Automotive: ecco di dati della Fim-Cisl. É crisi senza freni: serve un piano per rilanciare l’Italia dell’industria e del lavoro

di Mattia Ciappi

La crisi che attraversa l’industria automobilistica italiana non è solo un dato economico, ma un sintomo di un problema più profondo. I numeri forniti dalla Fim-Cisl sono impietosi: nel 2024 Stellantis ha prodotto appena 283.090 autovetture in Italia, riportandoci a livelli produttivi del 1956. È un dato che parla di declino, di mancate scelte strategiche e di una politica industriale incapace di anticipare il futuro. Non possiamo limitarci a osservare passivamente il fenomeno: è il momento di agire con visione, coraggio e pragmatismo.

Le criticità sono chiare. Da un lato, la mancanza di modelli a basso costo capaci di generare volumi significativi; dall’altro, il rallentamento della transizione elettrica, con una produzione di auto green che stenta a decollare. A questo si aggiungono le scelte dell’ex amministratore delegato Carlos Tavares, che ha preferito puntare su margini di profitto a breve termine, sacrificando l’innovazione e una strategia industriale sostenibile nel lungo periodo.

Il centrosinistra non può restare in silenzio davanti a questa situazione. L’industria automobilistica non è solo un settore economico: è occupazione, tecnologia, innovazione. È un pezzo fondamentale della nostra identità industriale, che merita una strategia pubblica forte e lungimirante.

Serve un piano che rilanci la produzione, ma che lo faccia su basi nuove. Innanzitutto, la transizione ecologica deve diventare una priorità reale e non solo uno slogan. Non possiamo più tollerare ritardi nella produzione di veicoli elettrici e ibridi. La nuova piattaforma small a Pomigliano e la 500e a Mirafiori sono passi avanti, ma insufficienti. Il governo deve sostenere con incentivi mirati non solo la produzione, ma anche la ricerca e lo sviluppo di nuove tecnologie green, coinvolgendo università, centri di ricerca e imprese innovative.

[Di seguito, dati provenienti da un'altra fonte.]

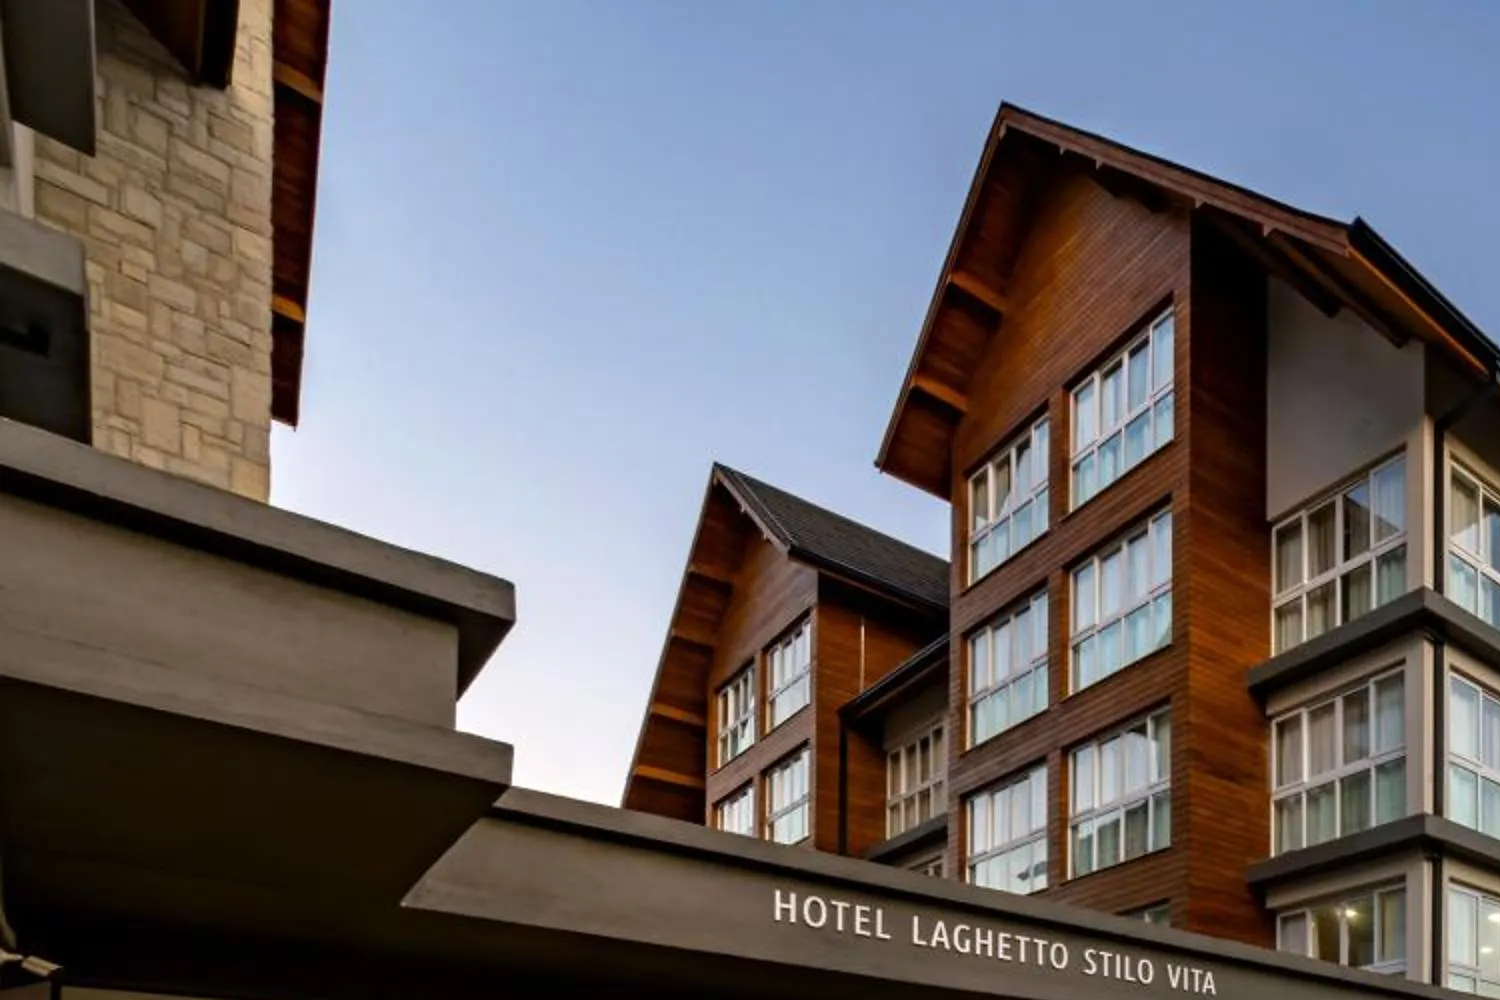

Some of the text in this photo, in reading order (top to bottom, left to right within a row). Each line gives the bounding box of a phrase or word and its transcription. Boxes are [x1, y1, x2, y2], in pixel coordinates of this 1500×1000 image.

Al tempo stesso, è indispensabile una politica industriale che affronti il tema della competitività dei costi. La mancanza di modelli accessibili è un segnale allarmante: senza auto capaci di parlare al mercato di massa, l’Italia rischia di restare ai margini delle catene globali del valore. Questo significa lavorare su una fiscalità che premi chi produce in Italia e su contratti di lavoro che garantiscano diritti, ma anche flessibilità e innovazione.

Infine, è il momento di ridefinire il rapporto tra pubblico e privato. L’annuncio di investimenti per 2 miliardi da parte di Stellantis è positivo, ma non possiamo lasciare che siano le multinazionali a dettare da sole il ritmo del cambiamento. Serve un tavolo permanente tra governo, sindacati e imprese per monitorare i progressi, correggere gli errori e garantire che gli investimenti promessi si traducano in occupazione stabile e qualificata.

L’Italia ha le competenze, le risorse e il talento per rilanciarsi come hub europeo dell’auto. Ma serve una politica che creda nel futuro, che metta al centro il lavoro e l’innovazione e che non abbia paura di scommettere sulla transizione ecologica come motore di crescita. È una sfida complessa, ma anche una straordinaria opportunità. Non coglierla sarebbe un errore storico.